Slashdot Mirror


Class Action Filed Against Verizon Wireless

Nuclear Elephant writes "Kirtland & Packard has filed a California-based class action suit against Verizon Wireless alleging some of their handsets have been advertised to have certain features, only come to find later that they were crippled for profit. With the Motorola Bluetooth Hacker's Contest ending unsuccessfully, many have taken this opportunity as a last-ditch effort to change things at Verizon." We mentioned the Verizon/Bluetooth episode earlier.

5 of 42 comments (clear)

  1. Waiving class action rights by baywulf · · Score: 4, Interesting

    By chance yesterday I was reading up on an offer by Verizon. When I looked at the fineprint or the contract I thought it said I would have to waive my rights to a class action lawsuits and persue an individual case if disputes do come up. I wonder how many of these people are subject to this provision and not even aware they signed away their rights?

  2. I fully support this lawsuit by Free_Trial_Thinking · · Score: 4, Interesting

    I just wanted to express my support for this lawsuit. What a great idea!

    If anyone knows ways to get involved, or to help this effort, please tell.

    Lastly, I find the general plight of cell phones particularly tragic. Every phone I've ever owned has been crippled in serious ways just like the article mentions. People, cell phones are the future PC's. It's great that we have linux, free software, etc for today's personal computer, and yet before we've even finished freeing the personal computer, they're becoming obselete(exageration) to mobile devices. When will have have a truly open and standards based cell phone?
    My only idea so far is to have a source-forge type of place for consumer electronics, where people can collaberate and at least create the designs for "freer" phones. Perhaps there could be a hardware specific GPL?

    Discuss, discuss, I'd love to hear your inights on this, /.

    1. Re:I fully support this lawsuit by jc42 · · Score: 5, Informative

      Discuss, discuss, I'd love to hear your inights on this, /.

      Well, there is one major problem with an open/free "smartphone": How do you go about getting your packets through the cell-phone system? The frequencies are owned by corporations like Verizon, and you can only communicate if you use their approved equipment.

      It's true that a PDA can contain a wifi card, but at least in North America, that only works in much less than 1% of the landscape, and in most places, you first have to negotiate access through an access point, and if you move 100 meters, you have to do it again, paying in full each time. If wifi access were universal, you could use VoIP on top of it and be done with the phone system. But not this year.

      You can do IP across most cell-phone channels now, too, but you can only do it with equipment approved by whatever carrier owns that channel at the spot you're standing, and there's no way you'll get approval for your own toy.

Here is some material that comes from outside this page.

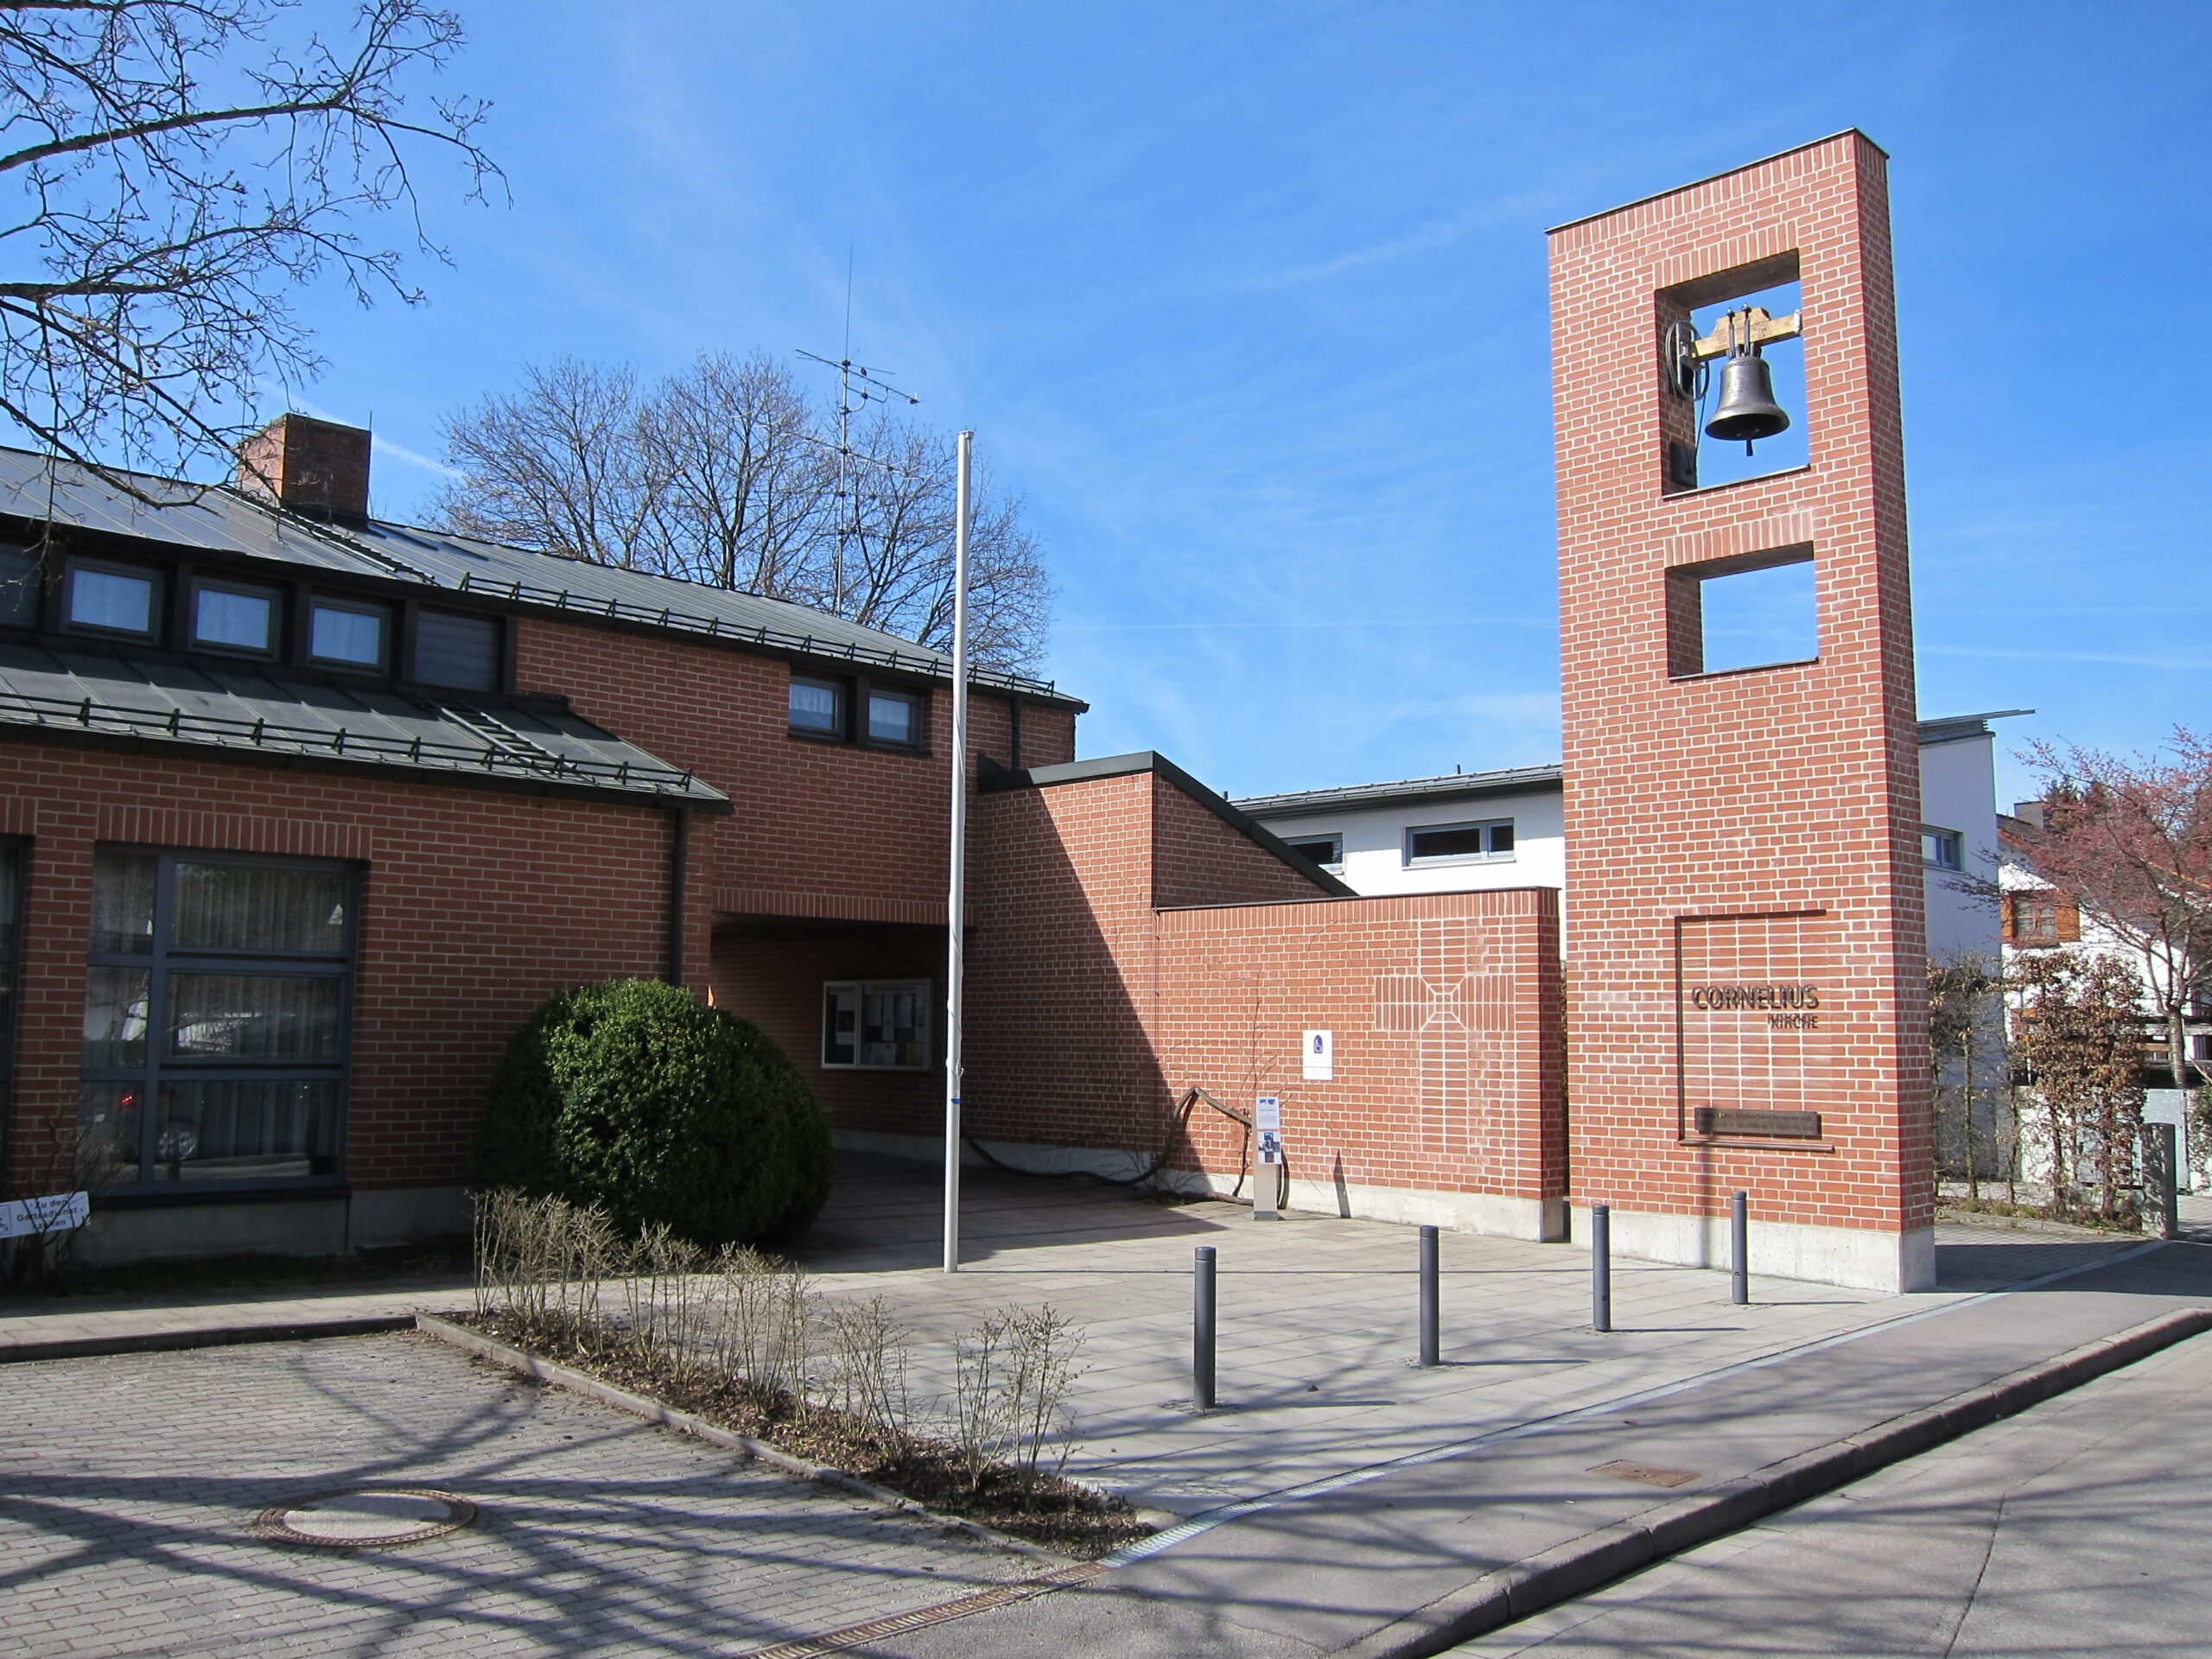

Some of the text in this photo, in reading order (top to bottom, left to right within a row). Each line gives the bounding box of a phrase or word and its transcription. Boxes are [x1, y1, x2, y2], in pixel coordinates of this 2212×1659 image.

      A couple of decades ago, the US government ended the "no foreign attachments" rule of the phone companies. There was a huge explosion of new telephone gadgetry, to everyone's profit (including the phone companies who fought the change). We currently have a "no foreign attachments" rule in effect for cell phones, which means that we can't develop anything on our own. We have to wait breathlessly for the phone companies to tell us what we're allowed to use.

      Maybe some day this will change, too, and we'll suddenly find the cell-phone system as useful as it should be. Or maybe the wifi system will expand to full coverage.

      But it probably won't happen this year.

      --
      Those who do study history are doomed to stand helplessly by while everyone else repeats it.
  3. Re:Who's next? by jc42 · · Score: 4, Interesting

    I stupidly signed up with Verizon. When my contract expires, I'm gone.

    They'll probably sock it to you then, too.

    Several years ago, my wife got a cell phone through Verizon. We both used it, until it started getting a bit old and flakey. Then we each got our own cell phone, through two other providers, and cancelled the Verizon phone.

    Verizon promptly added a $175 cancellation fee. It was long past the original two-year contract, and we hadn't signed any new contract. We just kept paying the bill, and the phone kept working. We should have been on their month-to-month service, though of course we never got any sort of paperwork (that we know of or signed) about this.

    We've tried calling them to talk about it. Their response is to simply bounce us around between different people until the connection gets "accidentally" lost. Nobody at Verizon has shown any interest in discussing this charge. Their attitude is clearly "We put it on your bill, so you have to pay it."

    Funny thing is, when we mention this to other people, a lot of them say "Yeah, they did the same to us."

    So be prepared for charges that you weren't expecting, and which Verizon won't explain.

    --
    Those who do study history are doomed to stand helplessly by while everyone else repeats it.
  4. Class action lawsuits by Gogo+Dodo · · Score: 4, Interesting

    It seems that the only people who "win" in class action lawsuits are the lawyers when they collect their huge fees. The consumers of the class usually get stuck with something they don't want or is of such small value that it's not worth it.